Brief:
For each record that follows, restate the text exactly and drop the pictures.

Exercise data:

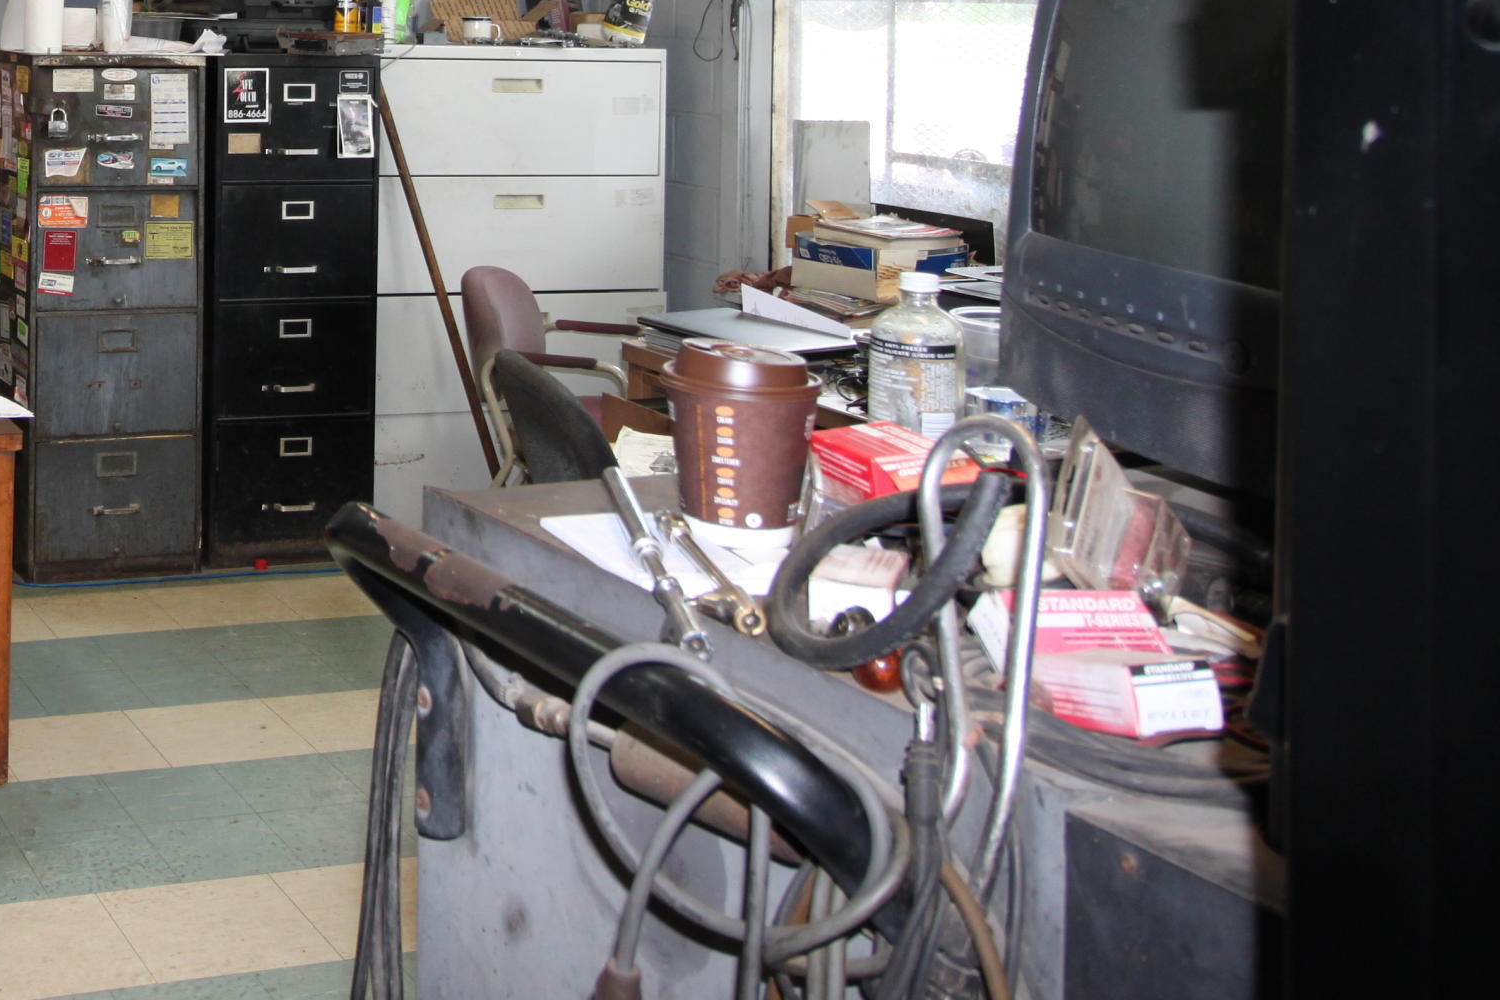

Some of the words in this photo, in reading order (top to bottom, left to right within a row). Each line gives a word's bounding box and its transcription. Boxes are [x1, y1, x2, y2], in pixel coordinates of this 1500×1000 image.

[228, 109, 267, 119] 886-4664
[1037, 597, 1137, 613] STANDARD
[1083, 613, 1141, 628] T-SERIES
[1143, 662, 1195, 675] STANDARD

Answer for the task:
Some of the words in this photo, in reading order (top to bottom, left to right within a row). Each line gives a word's bounding box and its transcription. Boxes are [x1, y1, x2, y2], in pixel coordinates of this 1500×1000 image.

[228, 109, 267, 119] 886-4664
[1037, 597, 1137, 613] STANDARD
[1083, 613, 1141, 628] T-SERIES
[1143, 662, 1195, 675] STANDARD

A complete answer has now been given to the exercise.